(Phrase grounding data)
====

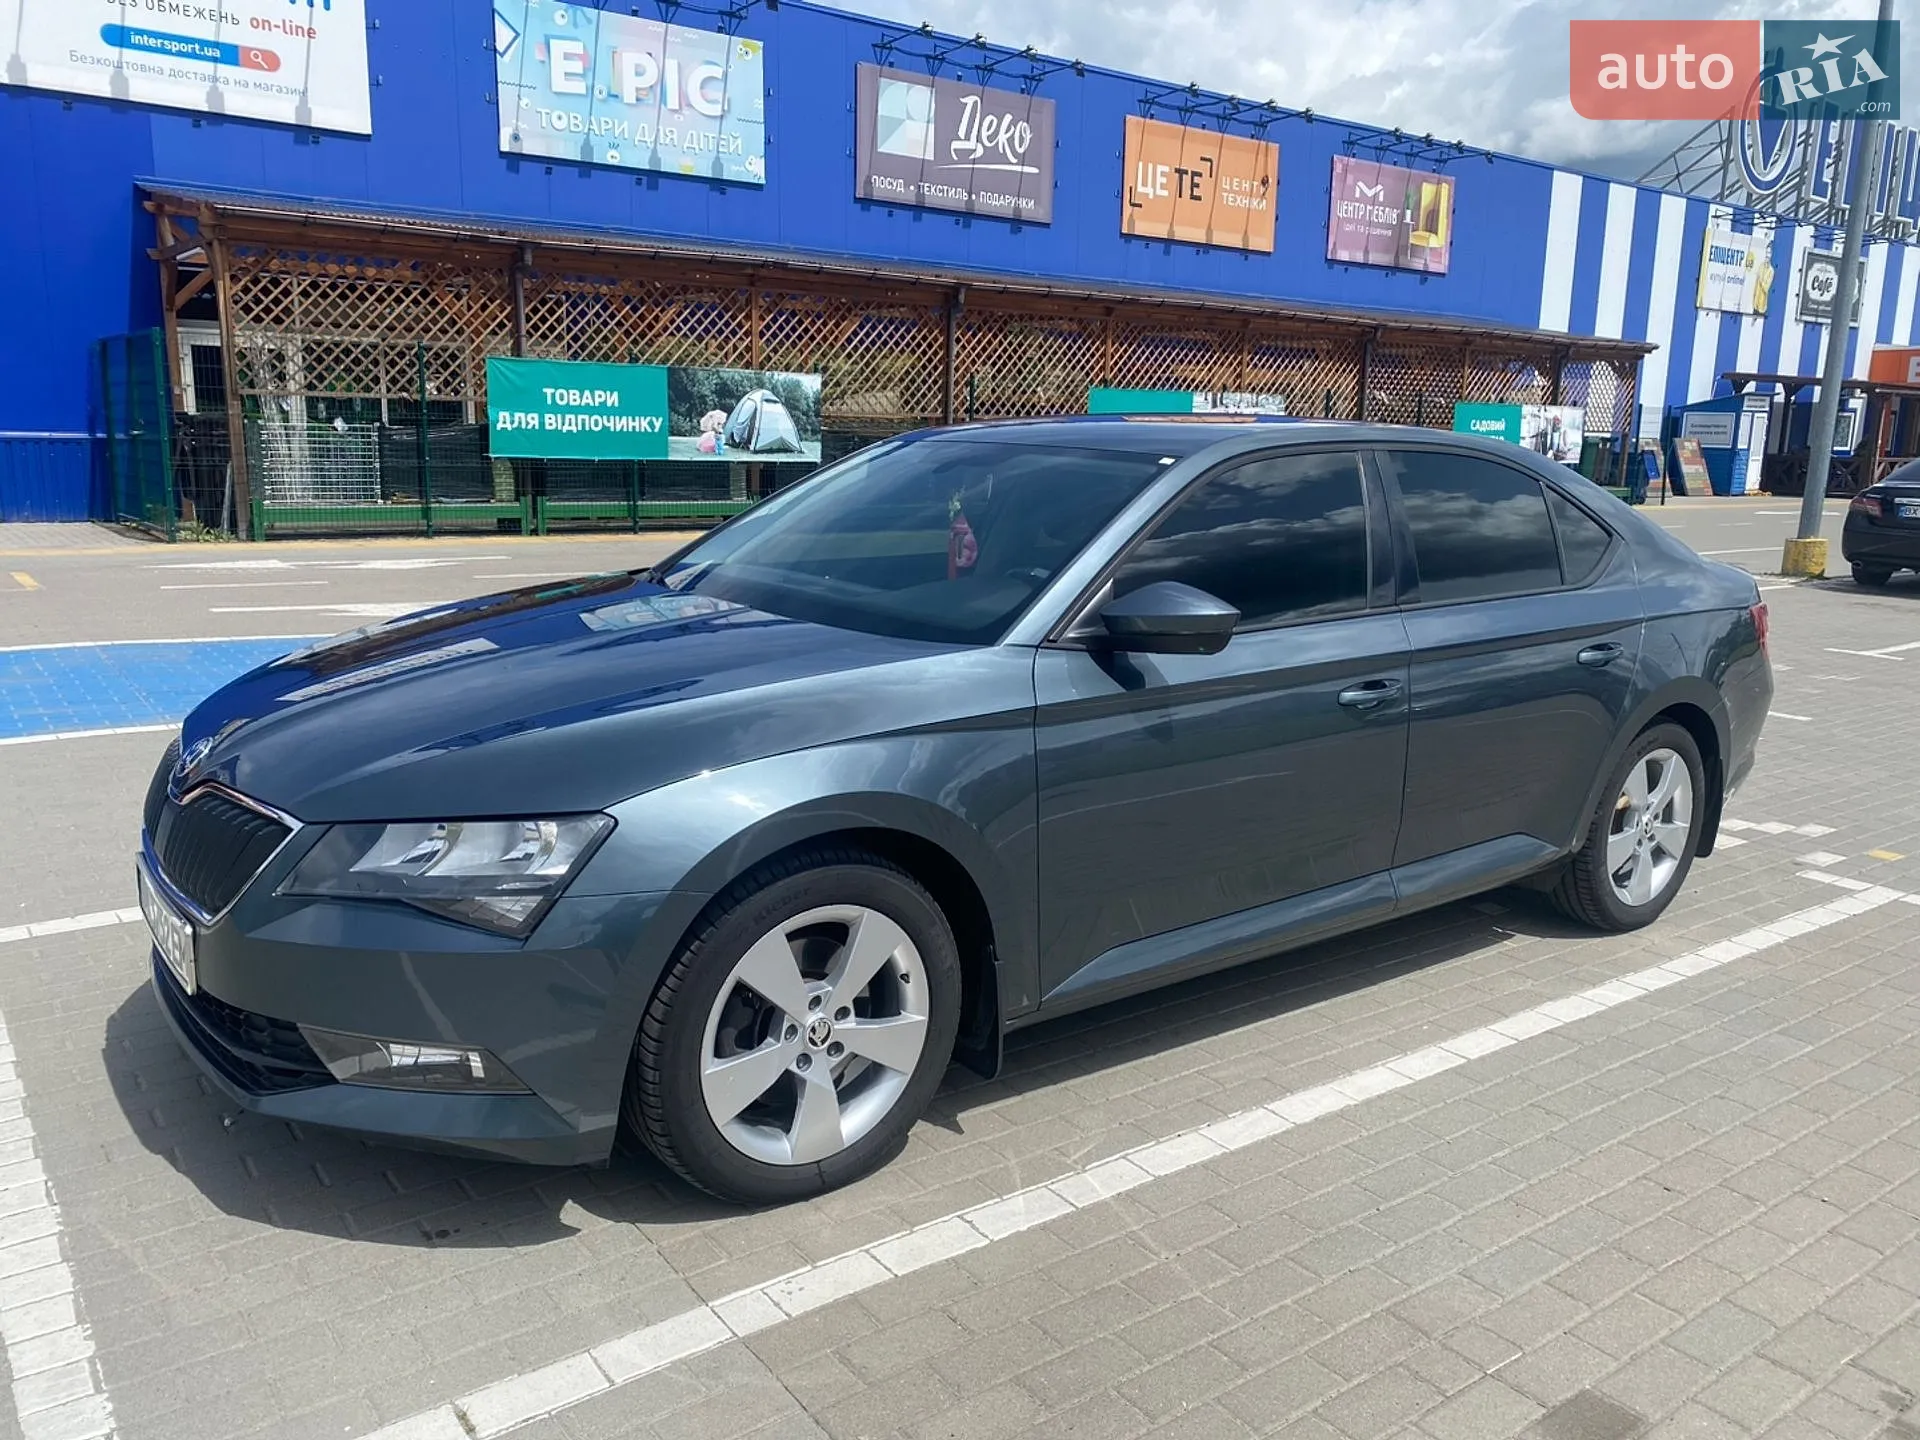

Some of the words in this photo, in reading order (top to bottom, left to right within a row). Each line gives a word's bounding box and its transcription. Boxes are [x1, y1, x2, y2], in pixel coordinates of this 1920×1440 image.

[249, 17, 317, 39] on-line
[130, 32, 221, 58] intersport.ua
[69, 50, 164, 76] Безкоштовна
[168, 67, 230, 86] доставка
[233, 78, 249, 89] на
[537, 108, 629, 139] ТОВАРИ
[634, 123, 678, 148] ДЛЯ
[682, 130, 742, 156] ДІТЕЙ
[950, 95, 1033, 164] Деко
[871, 175, 904, 193] ПОСУД
[918, 182, 968, 201] ТЕКСТИЛЬ
[979, 190, 1035, 210] ПОДАРУНКИ
[1337, 199, 1365, 220] ЦЕНТР
[543, 387, 619, 408] ТОВАРИ
[496, 411, 539, 431] ДЛЯ
[544, 413, 663, 433] ВІДПОЧИНКУ

====

Task to carry out » Each record above is to be returned unchanged, while any picture it holds stays out.

Task answer »
Some of the words in this photo, in reading order (top to bottom, left to right within a row). Each line gives a word's bounding box and its transcription. Boxes are [x1, y1, x2, y2], in pixel coordinates of this 1920×1440 image.

[249, 17, 317, 39] on-line
[130, 32, 221, 58] intersport.ua
[69, 50, 164, 76] Безкоштовна
[168, 67, 230, 86] доставка
[233, 78, 249, 89] на
[537, 108, 629, 139] ТОВАРИ
[634, 123, 678, 148] ДЛЯ
[682, 130, 742, 156] ДІТЕЙ
[950, 95, 1033, 164] Деко
[871, 175, 904, 193] ПОСУД
[918, 182, 968, 201] ТЕКСТИЛЬ
[979, 190, 1035, 210] ПОДАРУНКИ
[1337, 199, 1365, 220] ЦЕНТР
[543, 387, 619, 408] ТОВАРИ
[496, 411, 539, 431] ДЛЯ
[544, 413, 663, 433] ВІДПОЧИНКУ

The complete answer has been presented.